» **Assignment**
Transcribe the listing exactly as written. Leave the images out.

» **Data for the task**
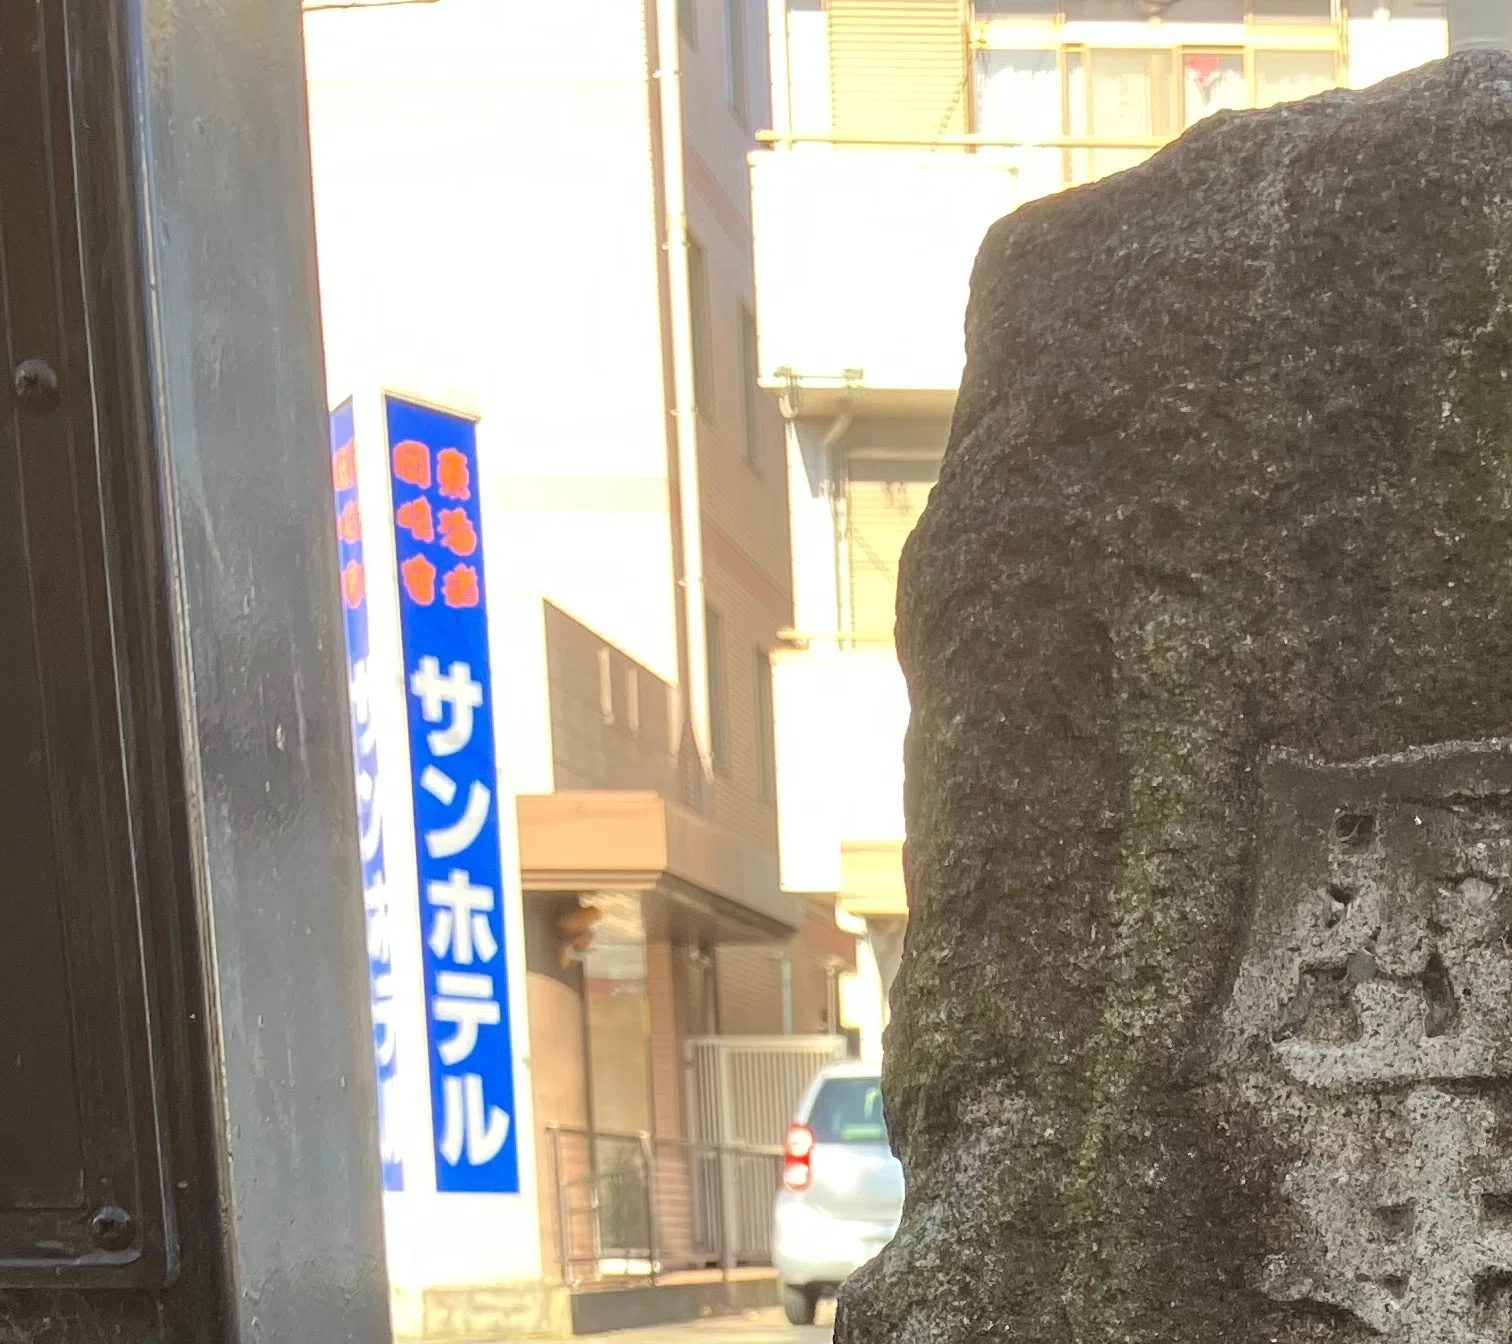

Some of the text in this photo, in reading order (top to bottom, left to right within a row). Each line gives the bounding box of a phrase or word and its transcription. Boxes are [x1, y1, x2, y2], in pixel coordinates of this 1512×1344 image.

[411, 654, 510, 1167] サンホテル
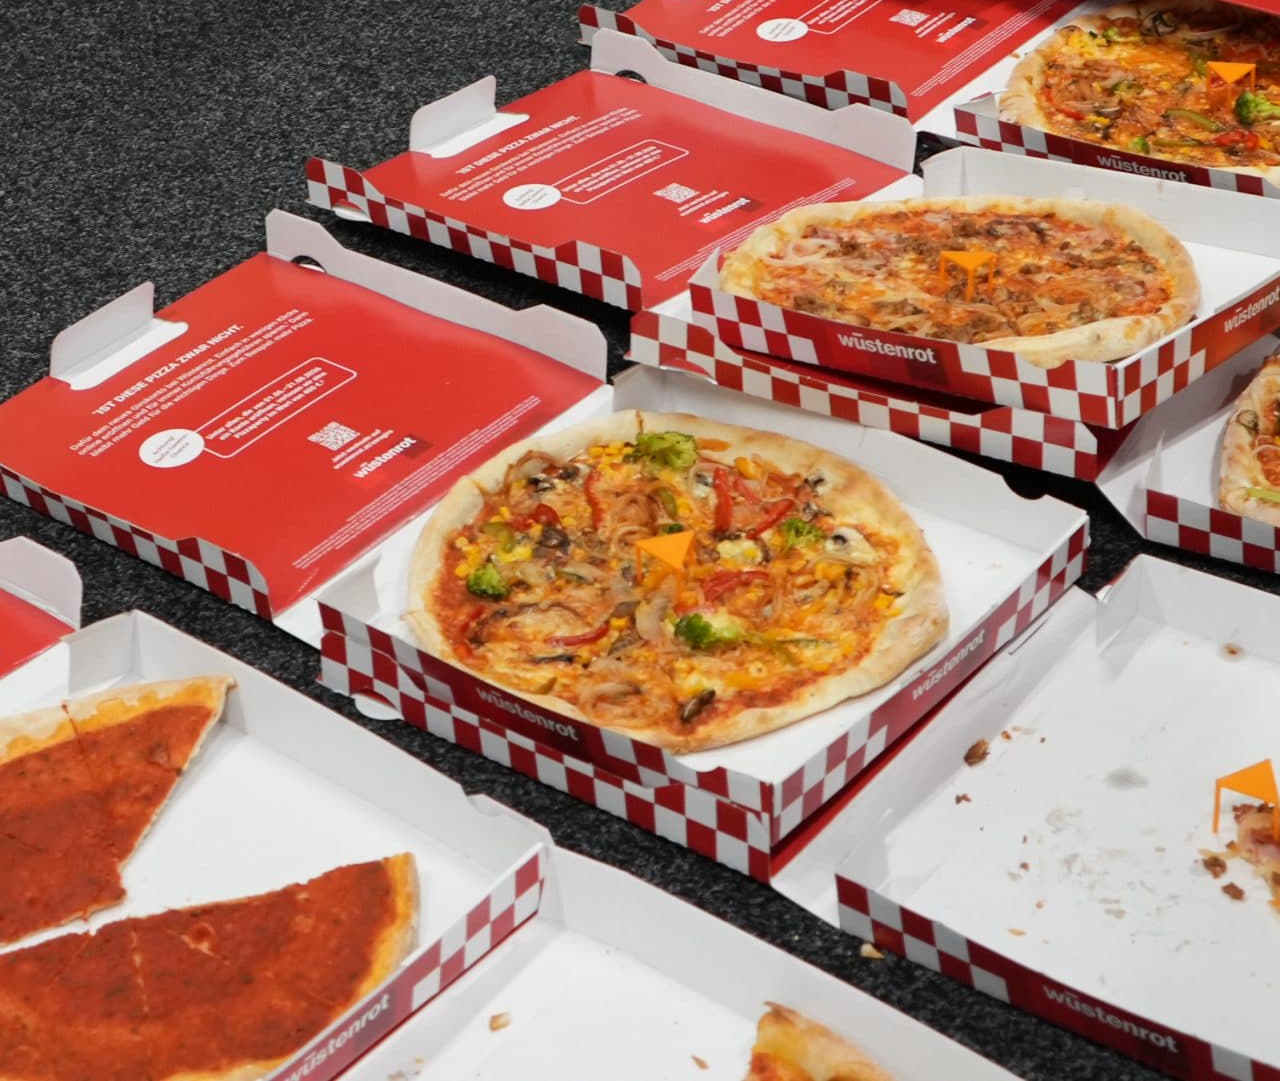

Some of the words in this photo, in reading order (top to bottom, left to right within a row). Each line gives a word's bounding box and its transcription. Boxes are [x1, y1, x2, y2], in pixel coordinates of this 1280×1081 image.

[499, 140, 528, 153] PIZZA
[114, 382, 148, 402] DIESE
[145, 363, 180, 382] PIZZA
[176, 344, 210, 363] ZWAR
[207, 325, 243, 344] NICHT.
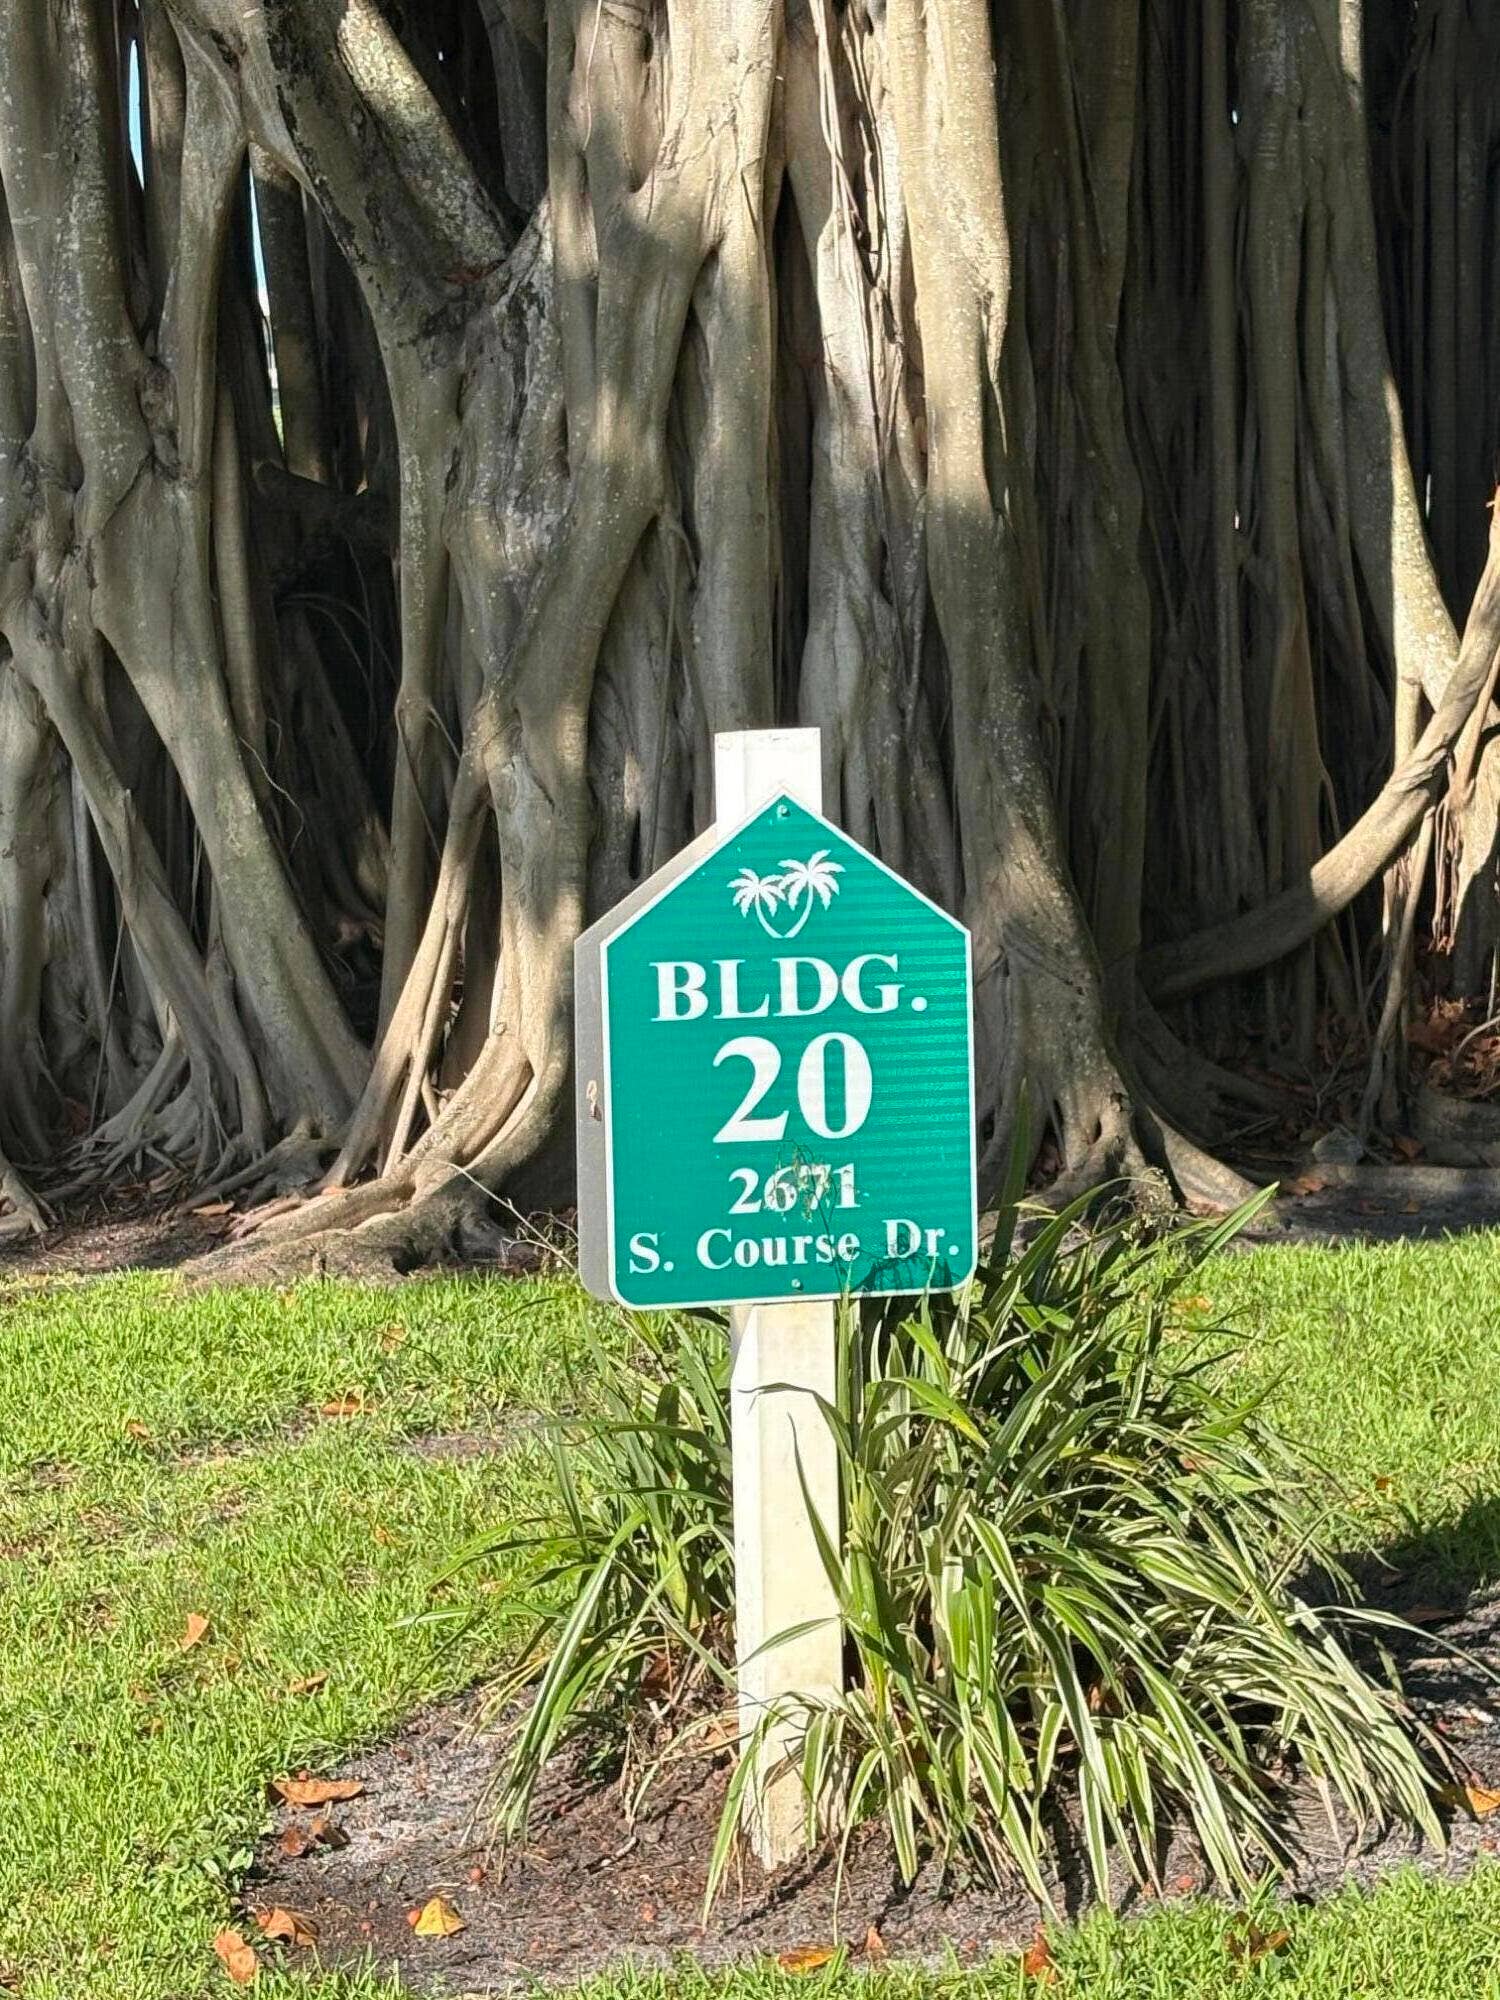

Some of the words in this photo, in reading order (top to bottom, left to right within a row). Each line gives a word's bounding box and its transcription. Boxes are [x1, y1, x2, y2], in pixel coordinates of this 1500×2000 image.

[649, 953, 928, 1022] BLDG.
[712, 1032, 873, 1143] 20
[728, 1163, 861, 1214] 2671
[629, 1232, 674, 1274] S.
[696, 1228, 860, 1270] Course
[882, 1218, 959, 1260] Dr.
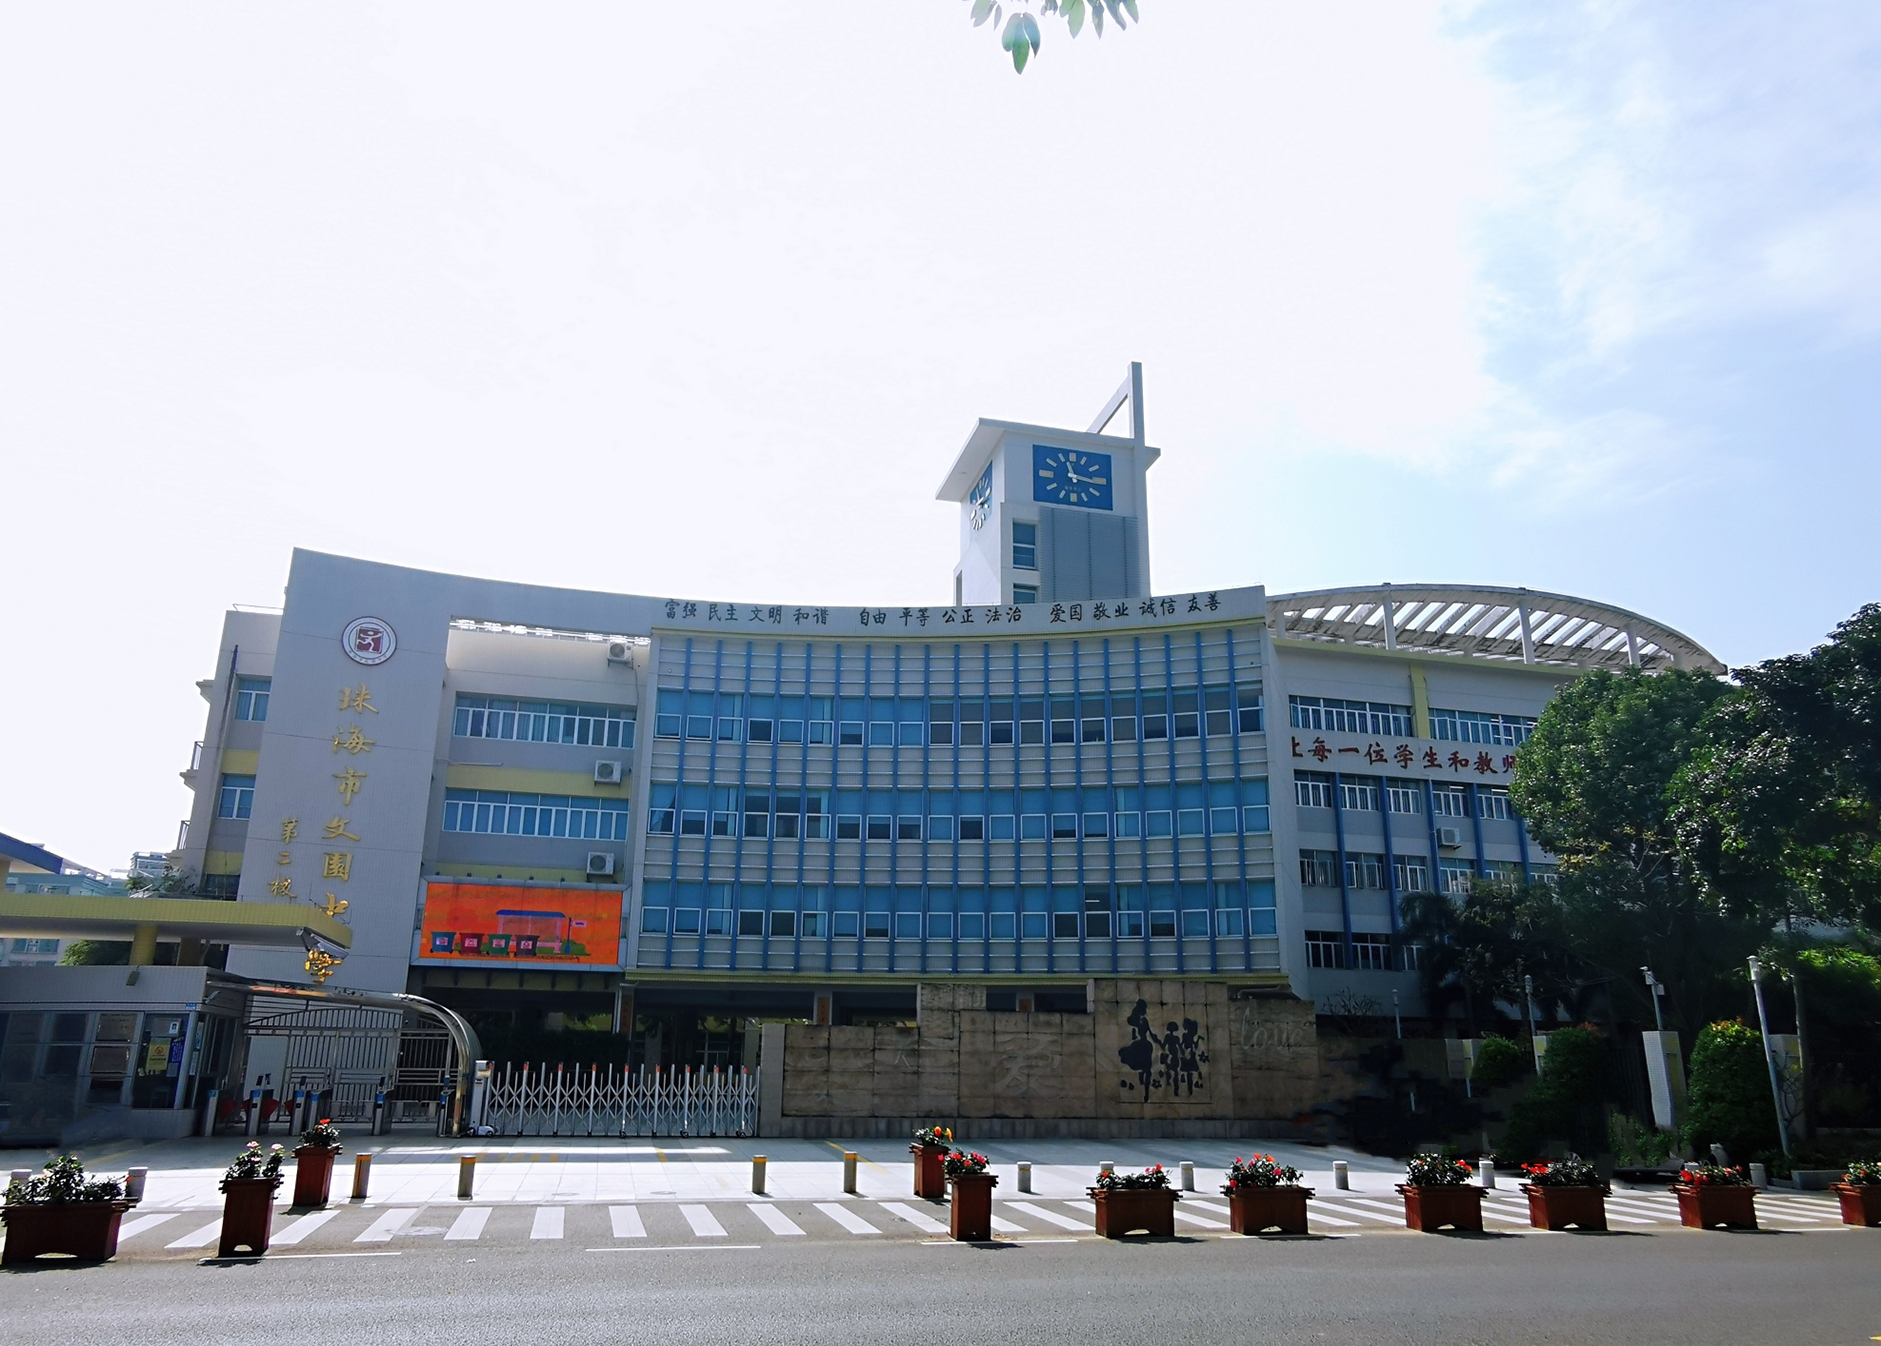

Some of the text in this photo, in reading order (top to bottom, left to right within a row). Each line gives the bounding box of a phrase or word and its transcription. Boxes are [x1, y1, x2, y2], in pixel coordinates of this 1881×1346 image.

» **Task solution**
Some of the text in this photo, in reading order (top to bottom, left to right within a row). Each line gives the bounding box of a phrase or word and its transcription. Boxes are [x1, y1, x2, y2], in pixel coordinates of this 1512×1344 image.

[411, 654, 510, 1167] サンホテル

Some of the words in this photo, in reading order (top to bottom, left to right within a row). Each line gives a word's bounding box and its transcription. Boxes are [x1, y1, x2, y2], in pixel coordinates of this 1280×1081 image.

[499, 140, 528, 153] PIZZA
[114, 382, 148, 402] DIESE
[145, 363, 180, 382] PIZZA
[176, 344, 210, 363] ZWAR
[207, 325, 243, 344] NICHT.

Some of the words in this photo, in reading order (top to bottom, left to right within a row). Each line gives a word's bounding box and its transcription. Boxes are [x1, y1, x2, y2], in pixel coordinates of this 1500×2000 image.

[649, 953, 928, 1022] BLDG.
[712, 1032, 873, 1143] 20
[728, 1163, 861, 1214] 2671
[629, 1232, 674, 1274] S.
[696, 1228, 860, 1270] Course
[882, 1218, 959, 1260] Dr.

Some of the text in this photo, in reading order (top to bottom, left to right within a row). Each line gives the bounding box of a phrase or word and its transcription. Boxes are [x1, y1, x2, y2], in pixel coordinates of this 1881×1346 image.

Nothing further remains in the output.